Increased social interaction in Shank2-deficient mice following acute social isolation

Autism spectrum disorder (ASD) is neuropsychiatric disorder with a gender specific risk. Although social impairment in ASD is one of the well characterized phenotypes, loneliness issue resides in patients with ASD and emerging reports show gender distribution in symptoms. Acute social isolation increases the motivation to socially interact in a gender-dependent manner, as only the male mice show increase in sociability following isolation. However, it remains to be explored whether the effects of loneliness in ASD differ between genders. Here, we used Shank2-deficient (Shank2^−/−) mice, one of the animal models of ASD, to examine the sociability changes after acute social isolation. While only the male wild-type (WT) mice display increased sociability following 24-h isolation, both sexes of Shank2^−/− mice show an increase in social interaction following isolation. These observations provide evidence that animal models of ASD have the sensitivity to acute social isolation and further show the motivation to socially interact.

Autism spectrum disorder (ASD) is a neurodevelopmental disorder with a strong genetic effect. One of the core characteristics of ASD is social deficit [1, 2], in which the phenotype is well reproduced in various animal models of ASD [3, 4]. Although accumulating reports reveal the link between ASD and genetic mutations to help understand the mechanism of ASD [3, 5], the number of cases with gender distribution still remains small. In fact, several literatures have reported the existence of gender-specific risk in ASD patients [6, 7], supporting the necessity of research. Given the scope of this sexual dimorphic symptoms, understanding the biological variations by gender in ASD and further applying to treatments have been challenging.

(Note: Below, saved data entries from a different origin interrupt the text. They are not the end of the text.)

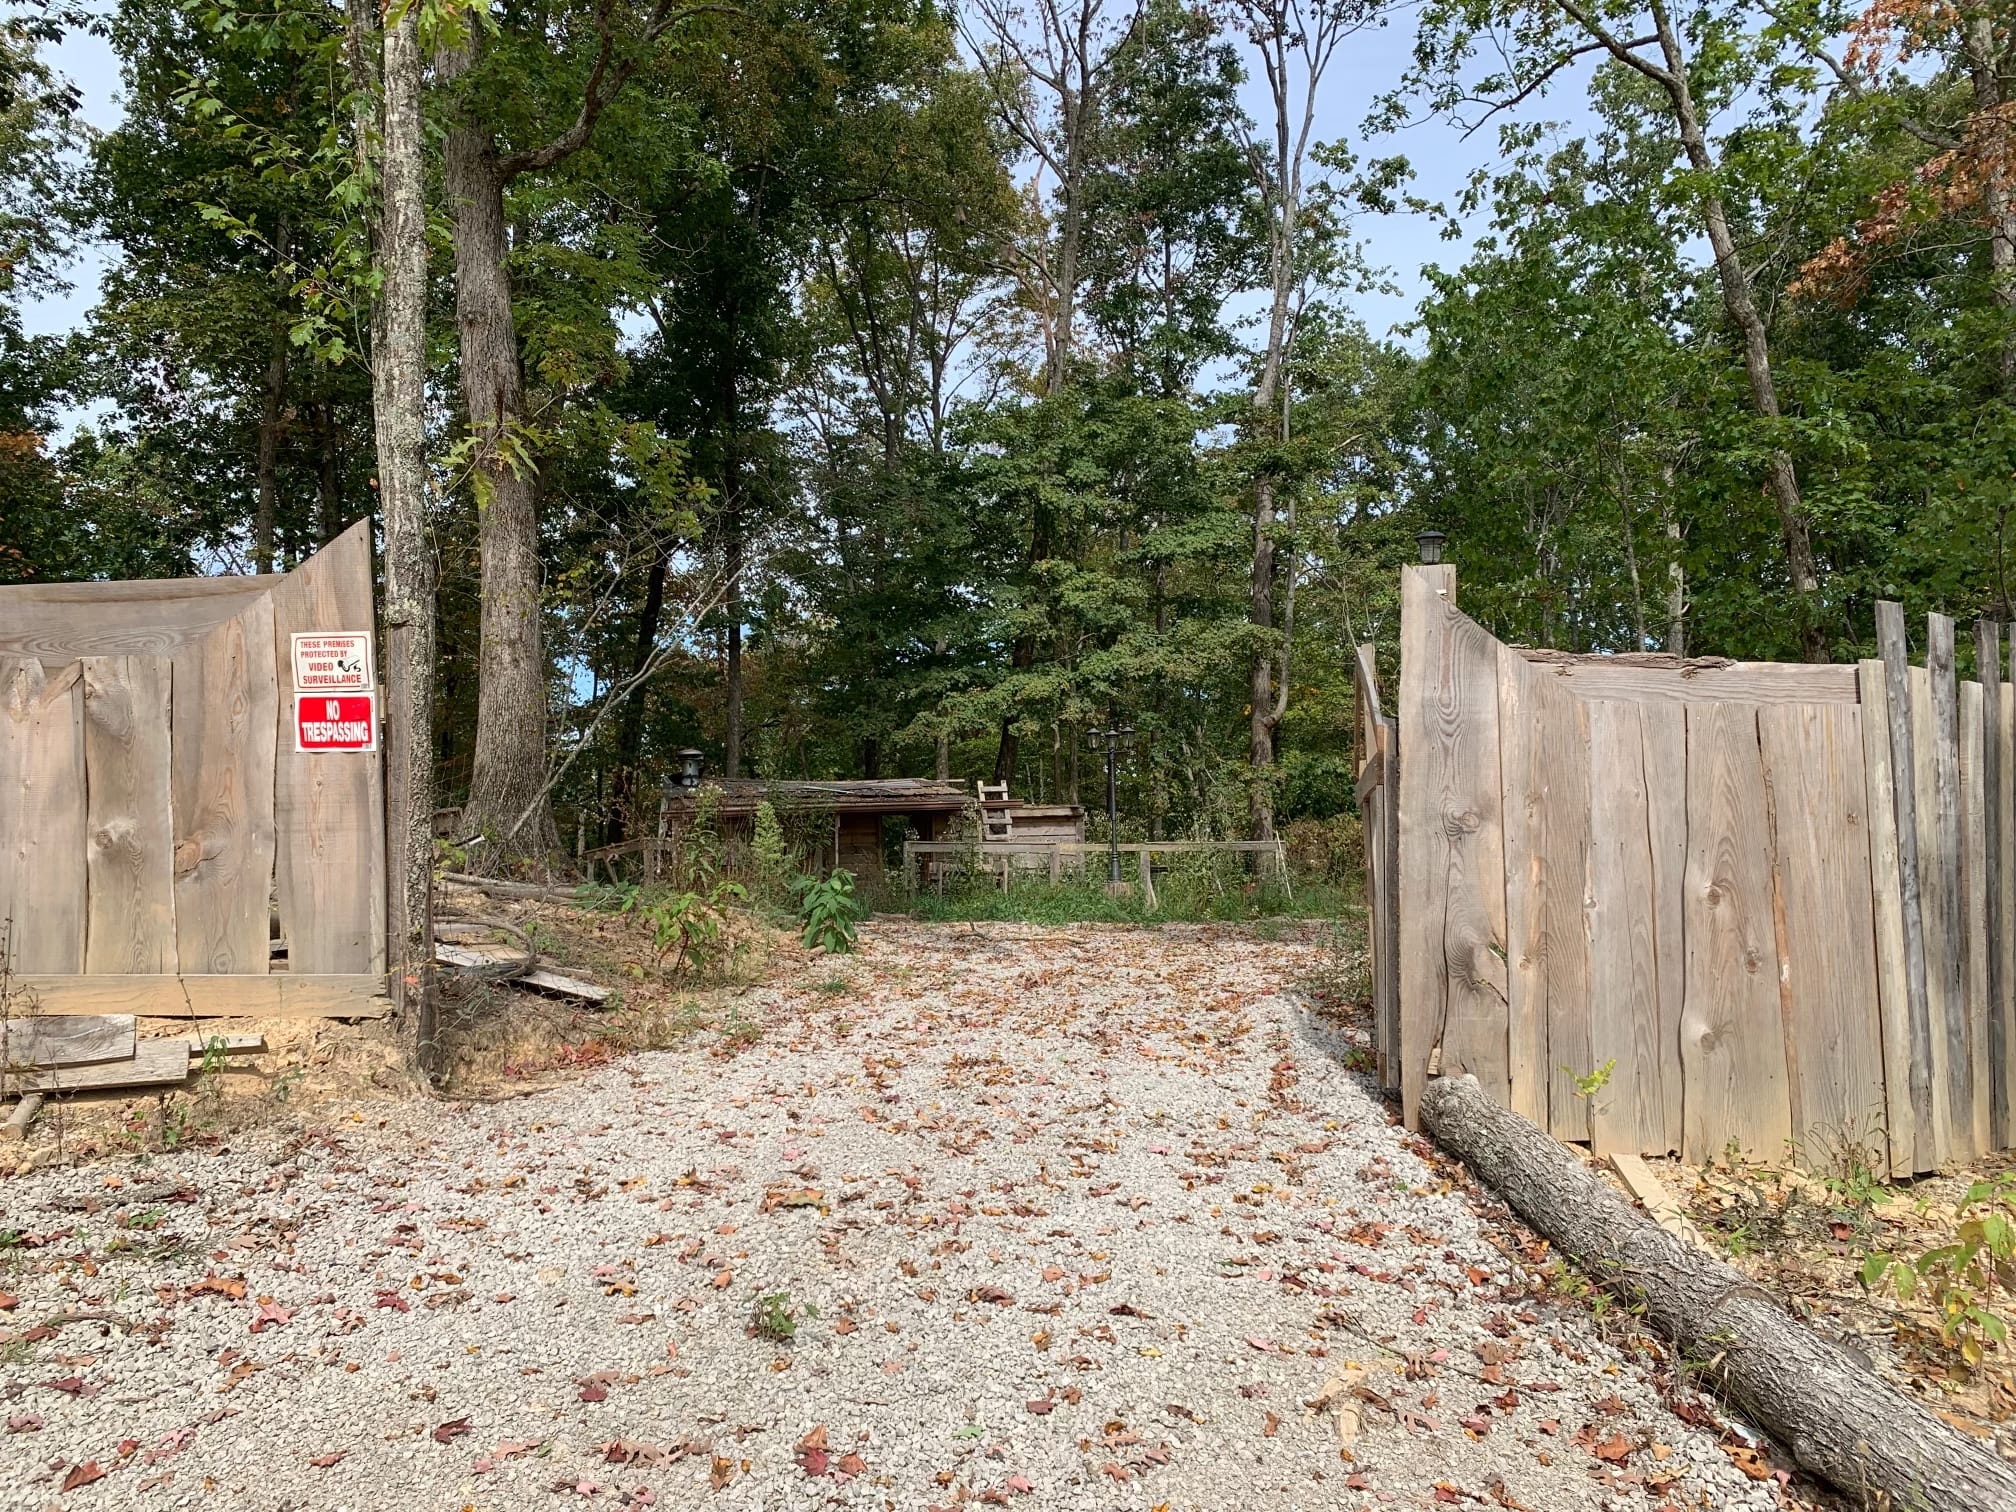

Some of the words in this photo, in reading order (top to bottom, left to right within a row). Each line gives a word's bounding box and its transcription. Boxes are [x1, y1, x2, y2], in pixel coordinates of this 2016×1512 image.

[300, 640, 321, 649] THESE
[323, 640, 355, 648] PREMISES
[300, 650, 339, 658] PROTECTED
[308, 662, 334, 672] VIDEO
[303, 674, 362, 684] SURVEILLANCE
[325, 700, 340, 720] NO
[301, 721, 369, 742] TRESPASSING
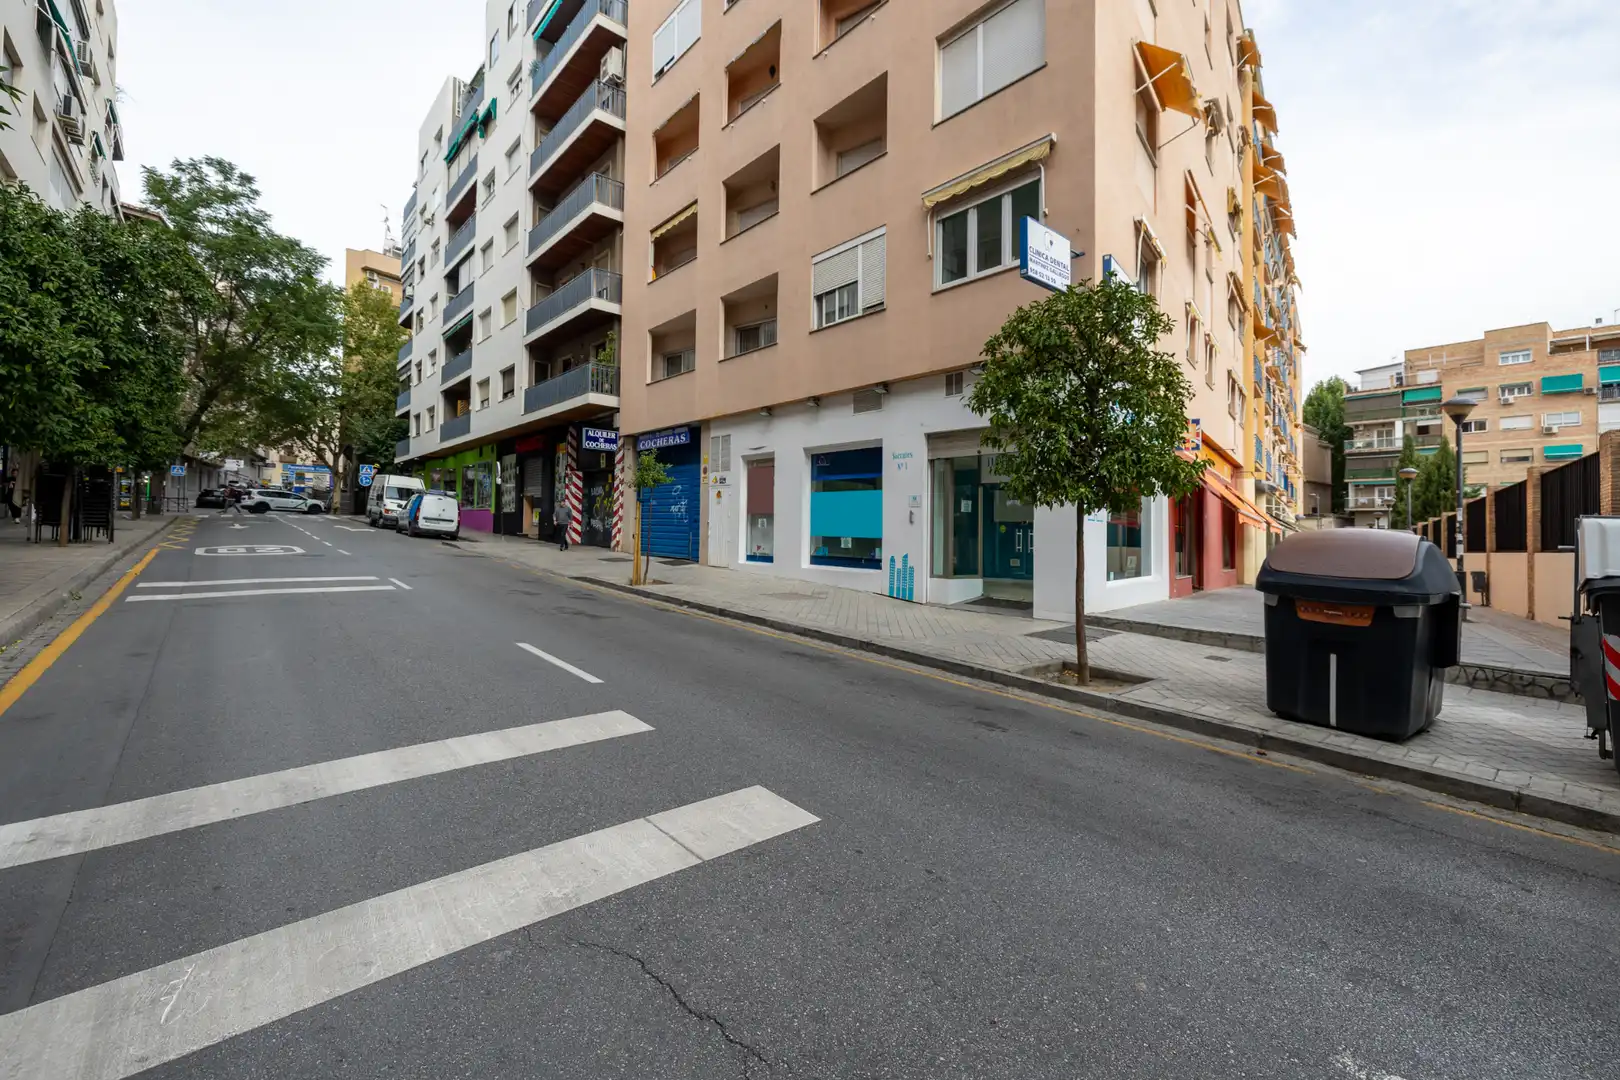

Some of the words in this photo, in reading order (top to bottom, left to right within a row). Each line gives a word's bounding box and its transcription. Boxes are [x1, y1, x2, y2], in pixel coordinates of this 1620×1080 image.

As maintaining social bond is an important factor in socially innate animals, social isolation and loneliness are complicated issues in patients with ASD [8, 9]. Acute (24 h) social isolation increases the motivation to socially interact [10]. Recently, it is reported that only the male mice exhibit the sociability increase while the female mice show an anxiety increase following acute isolation, providing gender-specific phenotypes [11].

SHANK2 is one of the scaffolding proteins in the excitatory neurons which shows postsynaptic localization. The association of SHANK2 with ASD, especially with social deficits, has been well reported by many groups [3, 5, 12, 13]. Here, we used Shank2^−/− mice to further investigate whether there is a gender difference in the effect of loneliness on ASD.

We performed three-chamber test following 24 h of group-housing or social isolation [10, 11] to examine the behavioral effect of acute social isolation in Shank2^−/− mice. As acute social isolation leads sexual dimorphic phenotypes [11], we further wondered whether sex-dependent observations are detected in Shank2^−/− mice (Fig. 1A). In male mice, higher sociability level in the isolated WT mice compared to grouped WT mice was observed (Fig. 1B, C), reproducing the previous report [11]. Grouped Shank2^−/− mice showed social impairments, but after they underwent 24 h of social isolation, Shank2^−/− mice showed higher preference to the stranger mice than the object (Fig. 1C). These observations indicate that transferring to a new cage 1 day before three-chamber test did not interfere with the expression of social deficits in Shank2^−/− mice and the sensitivity to social isolation was intact even with the SHANK2 deficiency. The acute social isolation gave rise to increase in Shank2^−/− mice in the total distance moved and the velocity (Fig. 1D).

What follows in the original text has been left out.